▸ Records:
----

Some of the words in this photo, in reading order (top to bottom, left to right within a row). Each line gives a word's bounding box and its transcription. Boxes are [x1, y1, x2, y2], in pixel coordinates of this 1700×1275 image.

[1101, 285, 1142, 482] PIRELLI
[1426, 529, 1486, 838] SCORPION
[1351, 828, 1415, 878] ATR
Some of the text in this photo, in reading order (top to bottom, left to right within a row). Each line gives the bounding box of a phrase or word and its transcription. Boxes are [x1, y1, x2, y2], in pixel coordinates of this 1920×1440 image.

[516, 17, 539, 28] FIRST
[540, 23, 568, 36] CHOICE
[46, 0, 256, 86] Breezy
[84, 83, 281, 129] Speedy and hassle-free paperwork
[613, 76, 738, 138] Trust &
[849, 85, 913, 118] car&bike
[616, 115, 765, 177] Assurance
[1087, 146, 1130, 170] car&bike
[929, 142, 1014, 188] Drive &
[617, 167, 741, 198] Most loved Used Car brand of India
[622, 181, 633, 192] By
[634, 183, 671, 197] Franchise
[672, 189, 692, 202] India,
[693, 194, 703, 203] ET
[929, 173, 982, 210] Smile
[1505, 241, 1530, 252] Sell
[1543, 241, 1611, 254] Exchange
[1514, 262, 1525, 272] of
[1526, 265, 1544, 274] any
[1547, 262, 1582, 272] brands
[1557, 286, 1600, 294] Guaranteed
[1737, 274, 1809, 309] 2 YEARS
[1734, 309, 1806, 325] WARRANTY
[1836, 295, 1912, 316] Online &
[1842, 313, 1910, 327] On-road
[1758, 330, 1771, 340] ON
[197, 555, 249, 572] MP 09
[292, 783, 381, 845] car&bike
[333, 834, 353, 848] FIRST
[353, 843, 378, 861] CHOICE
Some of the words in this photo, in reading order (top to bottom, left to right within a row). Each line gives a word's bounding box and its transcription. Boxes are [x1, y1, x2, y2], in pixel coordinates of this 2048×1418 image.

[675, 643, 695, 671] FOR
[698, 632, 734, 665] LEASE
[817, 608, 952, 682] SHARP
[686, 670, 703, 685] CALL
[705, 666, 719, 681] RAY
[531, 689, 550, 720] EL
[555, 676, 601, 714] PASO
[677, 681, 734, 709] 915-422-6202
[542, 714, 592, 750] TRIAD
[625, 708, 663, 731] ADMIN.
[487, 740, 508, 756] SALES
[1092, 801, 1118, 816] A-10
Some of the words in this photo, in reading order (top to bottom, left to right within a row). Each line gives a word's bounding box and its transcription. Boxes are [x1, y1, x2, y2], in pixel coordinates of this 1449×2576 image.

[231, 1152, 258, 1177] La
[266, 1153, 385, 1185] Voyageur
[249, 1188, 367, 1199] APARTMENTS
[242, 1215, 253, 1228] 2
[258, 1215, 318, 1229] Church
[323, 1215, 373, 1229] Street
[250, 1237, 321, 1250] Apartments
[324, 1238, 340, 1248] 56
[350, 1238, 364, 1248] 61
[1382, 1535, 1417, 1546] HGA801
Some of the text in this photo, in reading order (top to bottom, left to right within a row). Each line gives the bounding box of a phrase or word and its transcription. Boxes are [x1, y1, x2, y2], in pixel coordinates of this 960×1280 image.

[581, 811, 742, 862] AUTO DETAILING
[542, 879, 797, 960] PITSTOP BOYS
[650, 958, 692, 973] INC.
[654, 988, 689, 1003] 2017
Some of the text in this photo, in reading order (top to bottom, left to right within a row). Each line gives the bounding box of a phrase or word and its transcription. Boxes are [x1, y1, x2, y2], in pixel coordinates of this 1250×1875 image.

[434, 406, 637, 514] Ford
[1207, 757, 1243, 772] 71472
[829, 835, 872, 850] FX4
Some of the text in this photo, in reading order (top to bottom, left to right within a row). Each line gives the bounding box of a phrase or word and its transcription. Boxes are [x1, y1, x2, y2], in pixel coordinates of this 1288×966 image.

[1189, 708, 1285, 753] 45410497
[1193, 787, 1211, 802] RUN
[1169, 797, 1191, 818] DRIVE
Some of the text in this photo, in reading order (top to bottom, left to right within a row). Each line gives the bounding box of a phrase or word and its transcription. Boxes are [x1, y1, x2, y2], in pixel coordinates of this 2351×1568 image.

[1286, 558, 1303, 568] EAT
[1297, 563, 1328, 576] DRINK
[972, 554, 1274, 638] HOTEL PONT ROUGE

----

▸ Work order: Line by line, print the listing above exactly.

▸ Solution to the exercise:
Some of the words in this photo, in reading order (top to bottom, left to right within a row). Each line gives a word's bounding box and its transcription. Boxes are [x1, y1, x2, y2], in pixel coordinates of this 1700×1275 image.

[1101, 285, 1142, 482] PIRELLI
[1426, 529, 1486, 838] SCORPION
[1351, 828, 1415, 878] ATR
Some of the text in this photo, in reading order (top to bottom, left to right within a row). Each line gives the bounding box of a phrase or word and its transcription. Boxes are [x1, y1, x2, y2], in pixel coordinates of this 1920×1440 image.

[516, 17, 539, 28] FIRST
[540, 23, 568, 36] CHOICE
[46, 0, 256, 86] Breezy
[84, 83, 281, 129] Speedy and hassle-free paperwork
[613, 76, 738, 138] Trust &
[849, 85, 913, 118] car&bike
[616, 115, 765, 177] Assurance
[1087, 146, 1130, 170] car&bike
[929, 142, 1014, 188] Drive &
[617, 167, 741, 198] Most loved Used Car brand of India
[622, 181, 633, 192] By
[634, 183, 671, 197] Franchise
[672, 189, 692, 202] India,
[693, 194, 703, 203] ET
[929, 173, 982, 210] Smile
[1505, 241, 1530, 252] Sell
[1543, 241, 1611, 254] Exchange
[1514, 262, 1525, 272] of
[1526, 265, 1544, 274] any
[1547, 262, 1582, 272] brands
[1557, 286, 1600, 294] Guaranteed
[1737, 274, 1809, 309] 2 YEARS
[1734, 309, 1806, 325] WARRANTY
[1836, 295, 1912, 316] Online &
[1842, 313, 1910, 327] On-road
[1758, 330, 1771, 340] ON
[197, 555, 249, 572] MP 09
[292, 783, 381, 845] car&bike
[333, 834, 353, 848] FIRST
[353, 843, 378, 861] CHOICE
Some of the words in this photo, in reading order (top to bottom, left to right within a row). Each line gives a word's bounding box and its transcription. Boxes are [x1, y1, x2, y2], in pixel coordinates of this 2048×1418 image.

[675, 643, 695, 671] FOR
[698, 632, 734, 665] LEASE
[817, 608, 952, 682] SHARP
[686, 670, 703, 685] CALL
[705, 666, 719, 681] RAY
[531, 689, 550, 720] EL
[555, 676, 601, 714] PASO
[677, 681, 734, 709] 915-422-6202
[542, 714, 592, 750] TRIAD
[625, 708, 663, 731] ADMIN.
[487, 740, 508, 756] SALES
[1092, 801, 1118, 816] A-10
Some of the words in this photo, in reading order (top to bottom, left to right within a row). Each line gives a word's bounding box and its transcription. Boxes are [x1, y1, x2, y2], in pixel coordinates of this 1449×2576 image.

[231, 1152, 258, 1177] La
[266, 1153, 385, 1185] Voyageur
[249, 1188, 367, 1199] APARTMENTS
[242, 1215, 253, 1228] 2
[258, 1215, 318, 1229] Church
[323, 1215, 373, 1229] Street
[250, 1237, 321, 1250] Apartments
[324, 1238, 340, 1248] 56
[350, 1238, 364, 1248] 61
[1382, 1535, 1417, 1546] HGA801
Some of the text in this photo, in reading order (top to bottom, left to right within a row). Each line gives the bounding box of a phrase or word and its transcription. Boxes are [x1, y1, x2, y2], in pixel coordinates of this 960×1280 image.

[581, 811, 742, 862] AUTO DETAILING
[542, 879, 797, 960] PITSTOP BOYS
[650, 958, 692, 973] INC.
[654, 988, 689, 1003] 2017
Some of the text in this photo, in reading order (top to bottom, left to right within a row). Each line gives the bounding box of a phrase or word and its transcription. Boxes are [x1, y1, x2, y2], in pixel coordinates of this 1250×1875 image.

[434, 406, 637, 514] Ford
[1207, 757, 1243, 772] 71472
[829, 835, 872, 850] FX4
Some of the text in this photo, in reading order (top to bottom, left to right within a row). Each line gives the bounding box of a phrase or word and its transcription. Boxes are [x1, y1, x2, y2], in pixel coordinates of this 1288×966 image.

[1189, 708, 1285, 753] 45410497
[1193, 787, 1211, 802] RUN
[1169, 797, 1191, 818] DRIVE
Some of the text in this photo, in reading order (top to bottom, left to right within a row). Each line gives the bounding box of a phrase or word and its transcription. Boxes are [x1, y1, x2, y2], in pixel coordinates of this 2351×1568 image.

[1286, 558, 1303, 568] EAT
[1297, 563, 1328, 576] DRINK
[972, 554, 1274, 638] HOTEL PONT ROUGE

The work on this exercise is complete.